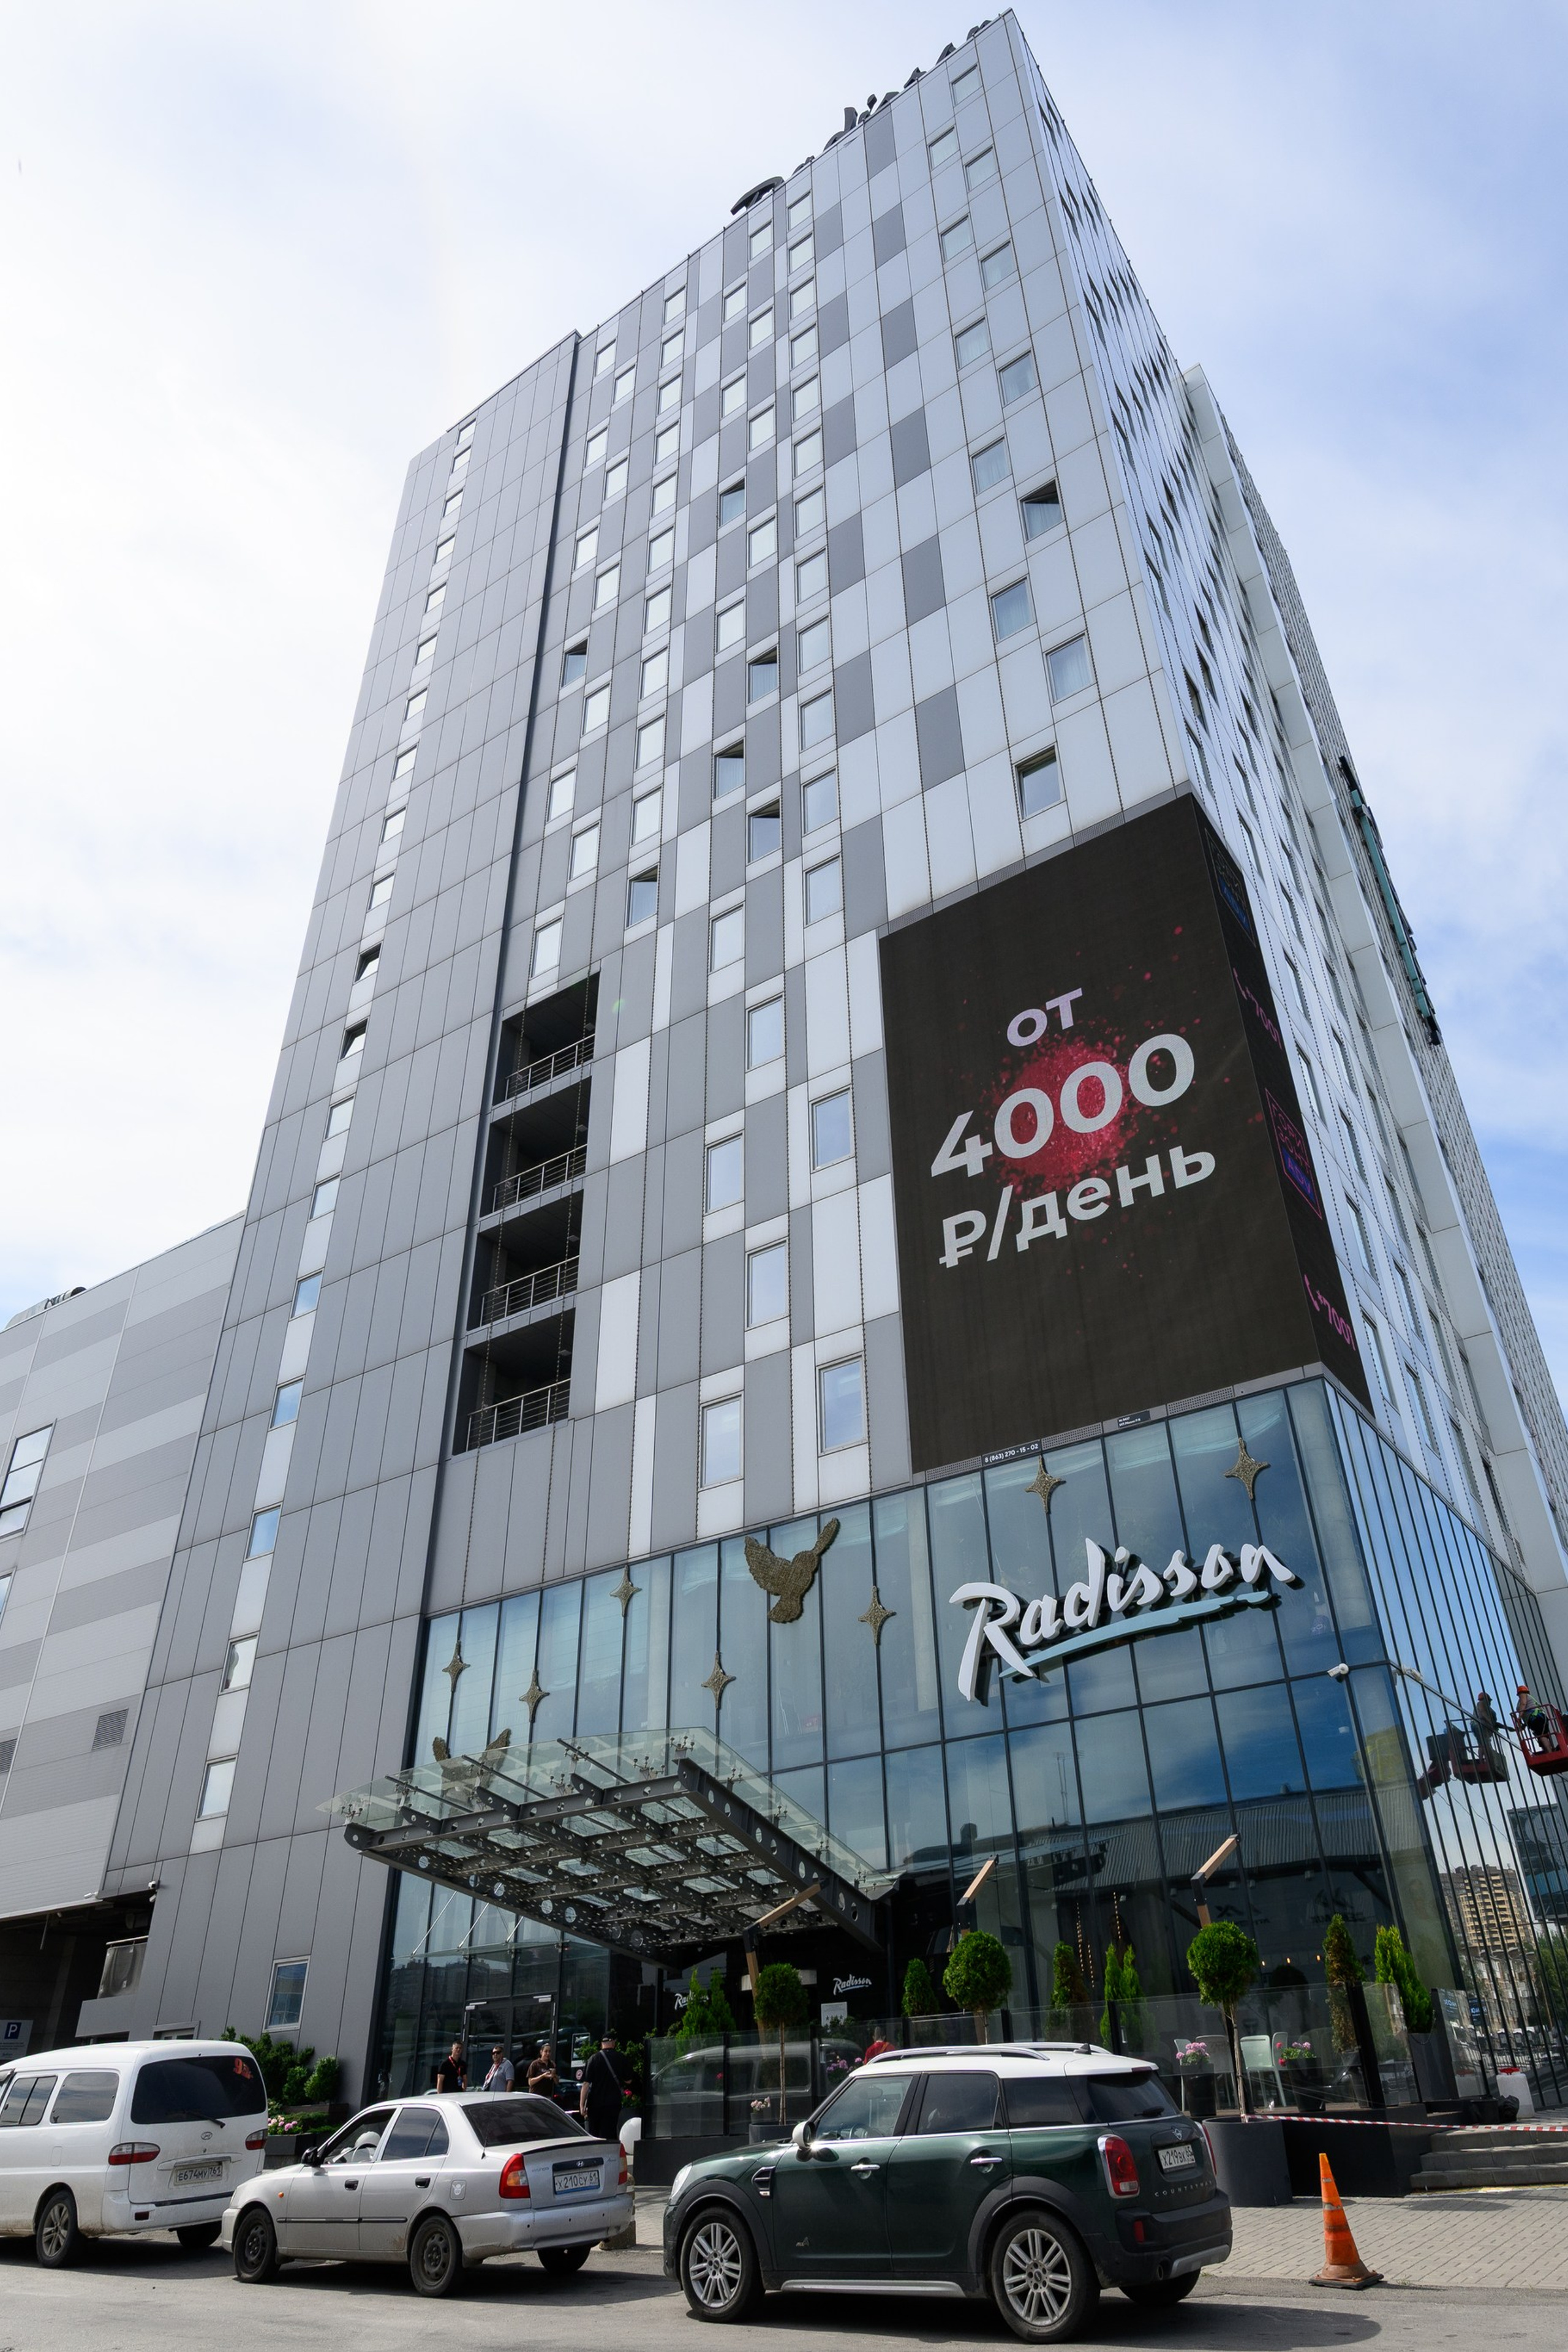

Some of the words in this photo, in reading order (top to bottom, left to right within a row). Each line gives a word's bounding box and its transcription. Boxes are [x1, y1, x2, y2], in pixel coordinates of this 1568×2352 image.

[930, 1033, 1195, 1177] 4000
[989, 1453, 1005, 1463] (863)
[949, 1537, 1296, 1702] Radisson
[833, 1973, 872, 1996] Radisson

= = = = = = =

*Assignment*
Without including any picture, reproduce all of the material exactly.

*Task solution*
Some of the words in this photo, in reading order (top to bottom, left to right within a row). Each line gives a word's bounding box and its transcription. Boxes are [x1, y1, x2, y2], in pixel coordinates of this 1568×2352 image.

[930, 1033, 1195, 1177] 4000
[989, 1453, 1005, 1463] (863)
[949, 1537, 1296, 1702] Radisson
[833, 1973, 872, 1996] Radisson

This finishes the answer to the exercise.